The ensuing years have given rise to a wealth of state laws that outlaw abortions after 20 weeks of pregnancy, set limits on the use of drug-induced abortions, mandate ultrasound exams and counseling and require that doctors who perform abortions in clinics practice at nearby hospitals.
“I think what we’re seeing is that Americans generally, according to opinion polls and the actions of their legislatures, are unhappy with federal control of abortion that we’ve had since Roe v. Wade,” said Casey Mattox, senior counsel at the anti-abortion Alliance Defending Freedom.
Looking at the same trend, Nancy Northup, president and chief executive officer of the Center for Reproductive Rights, said abortion rights groups are pushing back hard against the state laws.
“The reality is, we are seeing an onslaught of restrictions like never before,” Northup said.
Her group led the challenge to the Oklahoma law on medication abortions. In 2012, the Oklahoma Supreme Court struck down the law that requires doctors to administer the drugs in accordance with U.S. Food and Drug Administration protocol and prohibits widely prescribed off-label uses.
The justices said in June they would review the Oklahoma ruling, but first wanted the state court to clarify whether the law at issue limits drug-induced abortions or effectively bans them altogether. The latter, the Oklahoma court said last week.
That response led the justices to change their mind and dismiss the case on Monday. An Oklahoma lawmaker already has said he will introduce new legislation that takes the Oklahoma court ruling into account.
Just as the court was dismissing the Oklahoma case, Planned Parenthood was asking the court to block the provision of a new Texas law requiring doctors who perform abortions in clinics to have admitting privileges at a nearby hospital.
The group said more than a third of the clinics in Texas have been forced to stop providing abortions since a court order allowed the new restrictions to take effect Friday.
Planned Parenthood said that the 5th U.S. Circuit Court of Appeals went too far in overruling a trial judge who blocked the law’s provision requiring doctors who perform abortions in clinics to have admitting privileges at a nearby hospital.
The filing was addressed to Justice Antonin Scalia, who oversees emergency matters from Texas. Scalia has asked Texas to respond by Nov. 12, meaning that the provision will remain in effect at least until then.

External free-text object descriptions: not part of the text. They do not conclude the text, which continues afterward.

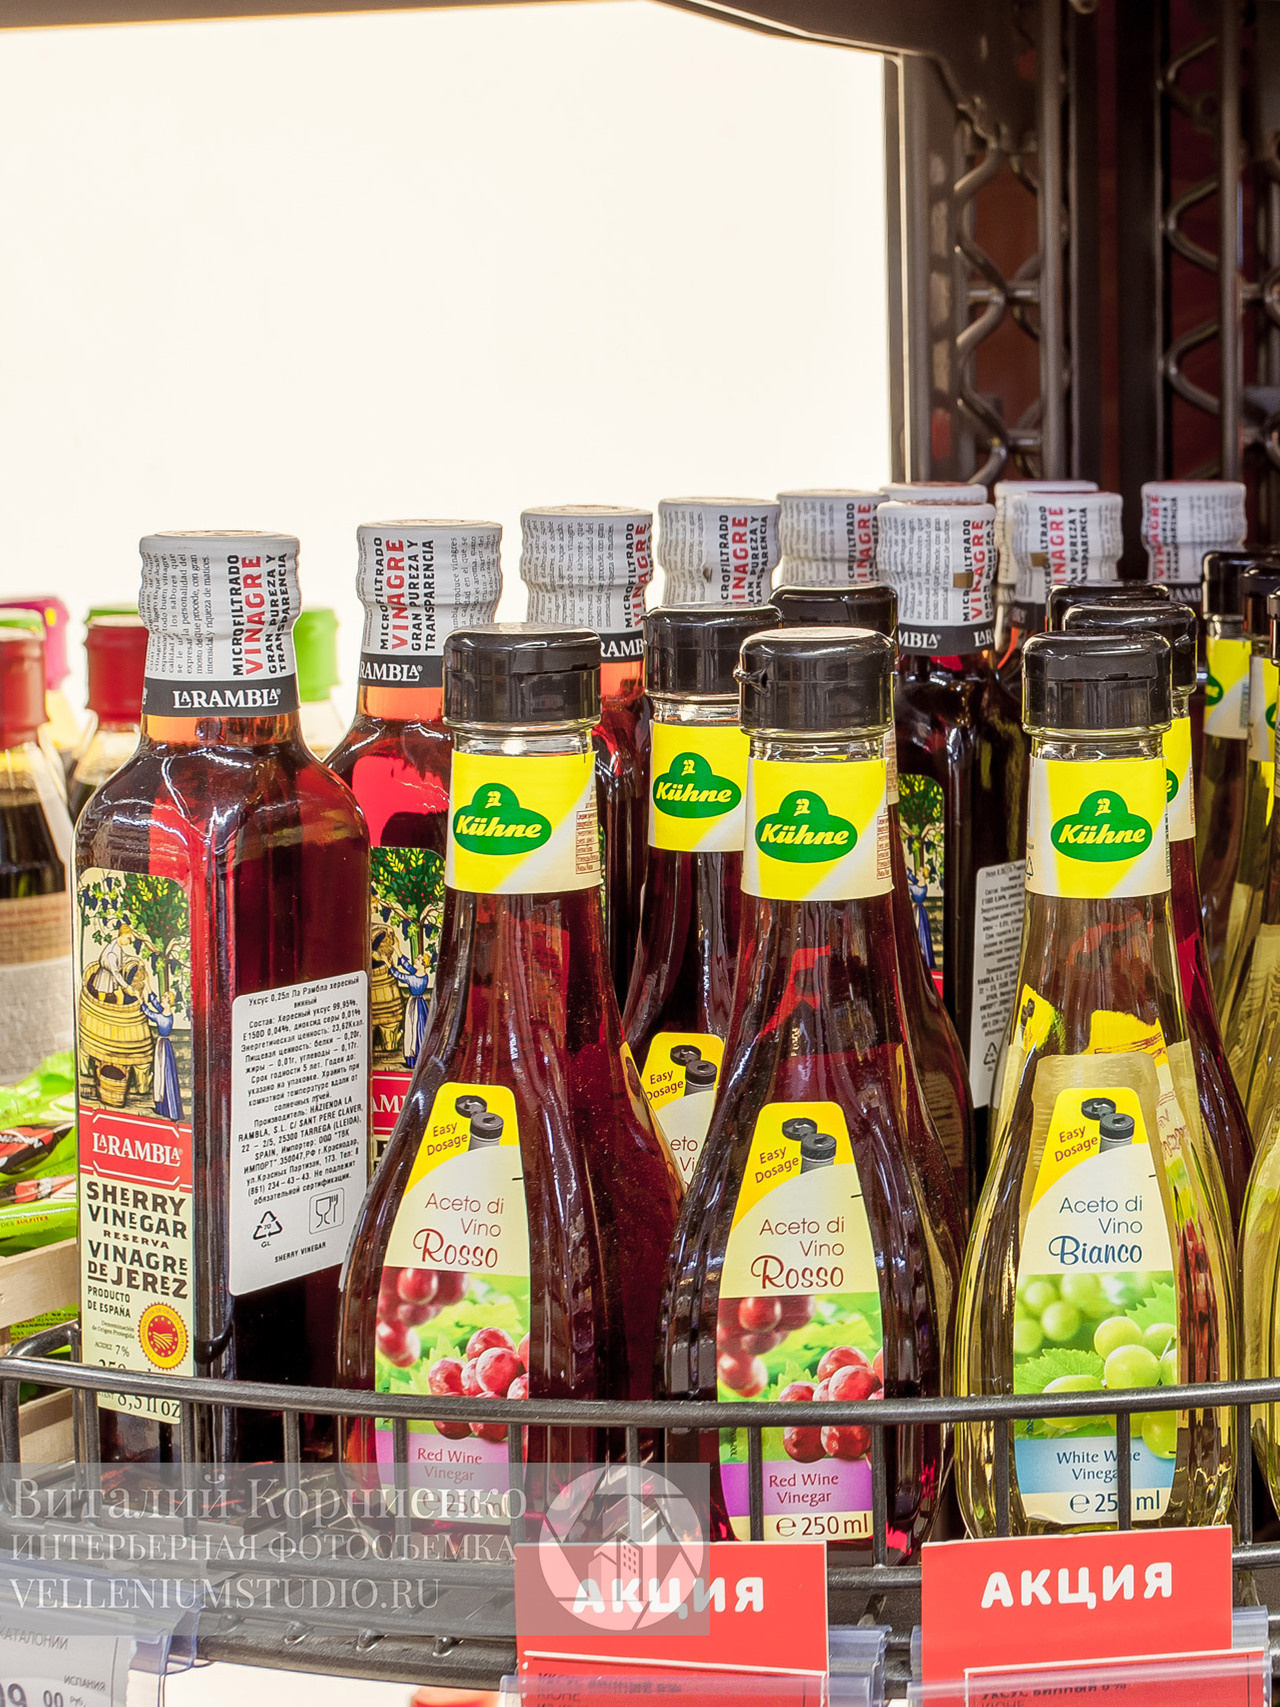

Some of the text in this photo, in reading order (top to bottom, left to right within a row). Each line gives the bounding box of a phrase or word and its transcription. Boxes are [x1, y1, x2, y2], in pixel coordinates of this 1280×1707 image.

[373, 537, 389, 650] MICROFILTRADO
[386, 539, 408, 649] VINAGRE
[422, 540, 435, 651] TRANSPARENCIA
[228, 554, 244, 676] MICROFILTRADO
[242, 555, 265, 674] VINAGRE
[276, 552, 287, 672] TRANSPARENCIA
[655, 782, 732, 803] Kühne
[454, 814, 542, 839] Kühne
[760, 822, 849, 846] Kühne
[1058, 823, 1147, 845] Kühne
[249, 996, 268, 1006] Уксус
[271, 993, 289, 1002] 0,25л
[303, 984, 327, 995] Рамбла
[649, 1069, 674, 1085] Easy
[432, 1122, 458, 1138] Easy
[1059, 1126, 1086, 1143] Easy
[427, 1132, 468, 1157] Dosage
[759, 1146, 787, 1165] Easy
[1054, 1136, 1098, 1162] Dosage
[754, 1156, 799, 1184] Dosage
[87, 1181, 186, 1217] SHERRY
[425, 1193, 504, 1215] Aceto di
[1059, 1195, 1143, 1214] Aceto di
[16, 1215, 49, 1226] SULFITES
[87, 1204, 187, 1239] VINEGAR
[460, 1218, 502, 1237] Vino
[759, 1216, 845, 1236] Aceto di
[1099, 1217, 1143, 1234] Vino
[103, 1230, 169, 1249] RESERVA
[413, 1228, 498, 1268] Rosso
[800, 1240, 845, 1257] Vino
[1048, 1235, 1143, 1266] Bianco
[88, 1240, 188, 1276] VINAGRE
[110, 1266, 188, 1299] JEREZ
[750, 1255, 844, 1290] Rosso
[88, 1286, 130, 1303] PRODUCTO
[88, 1300, 131, 1318] DE ESPAÑA
[418, 1448, 482, 1465] Red Wine
[1056, 1451, 1099, 1464] White
[424, 1466, 475, 1484] Vinegar
[769, 1473, 838, 1488] Red Wine
[776, 1492, 832, 1507] Vinegar
[1136, 1490, 1160, 1510] ml
[801, 1513, 867, 1536] 250 ml
[980, 1561, 1174, 1608] АКЦИЯ
[574, 1576, 765, 1620] АКЦИЯ
[64, 1674, 106, 1692] ИСПАНИЯ
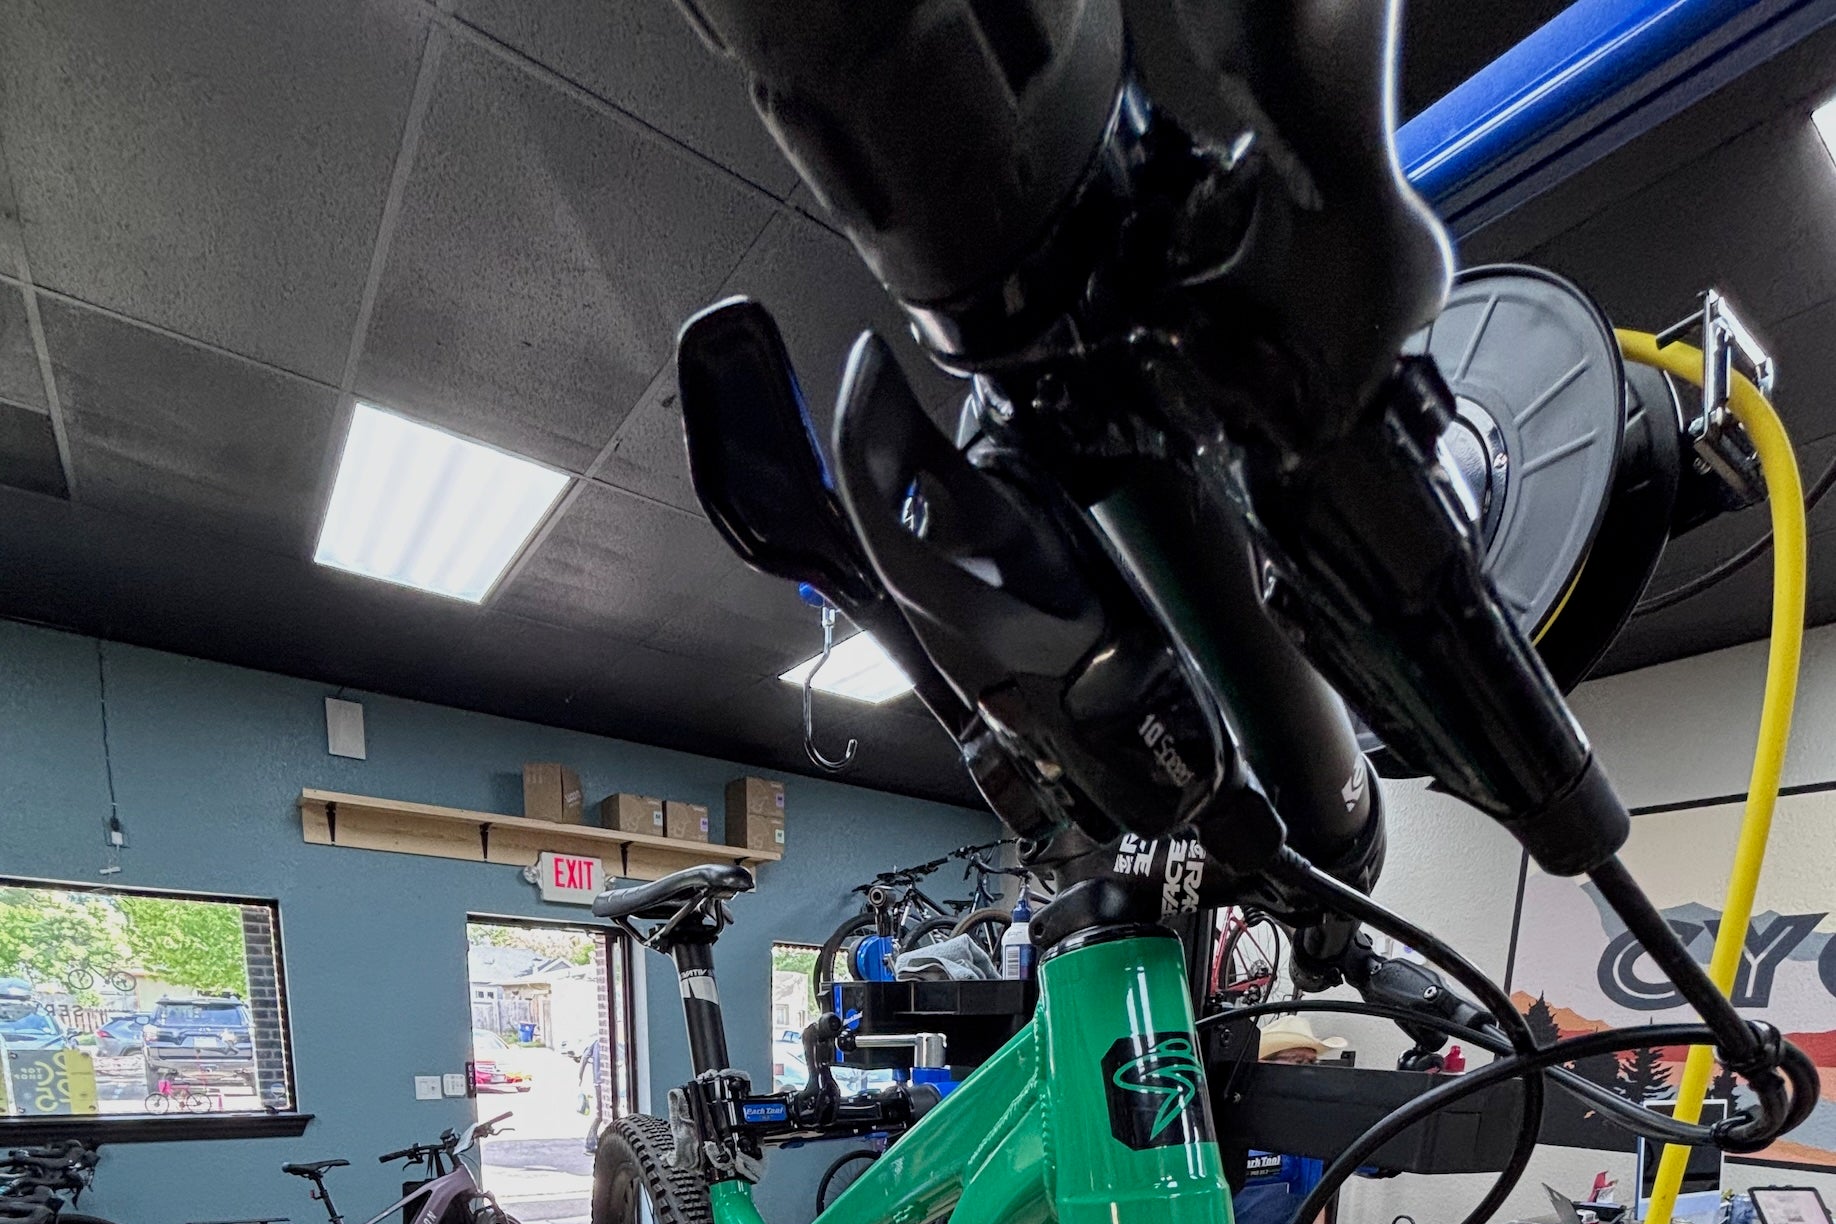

The appeals court ruled three days after a trial judge said the provision serves no medical purpose.
The three-judge appellate panel acknowledged that the provision “may increase the cost of accessing an abortion provider and decrease the number of physicians available to perform abortions.” However, the panel said that the Supreme Court has held that having “the incidental effect of making it more difficult or more expensive to procure an abortion cannot be enough to invalidate” a law that serves a valid purpose, “one not designed to strike at the right itself.”
The appellate panel’s ruling is temporary until it can hold a complete hearing, likely in January.
The restrictions are among the toughest in the nation and gained notoriety when Democratic state Sen. Wendy Davis launched a nearly 13-hour filibuster against them in June. Davis has since launched her own gubernatorial campaign and could face Republican Attorney General Greg Abbott, who is defending the law, in the November 2014 election. Republican Gov. Rick Perry has said he will not seek another term.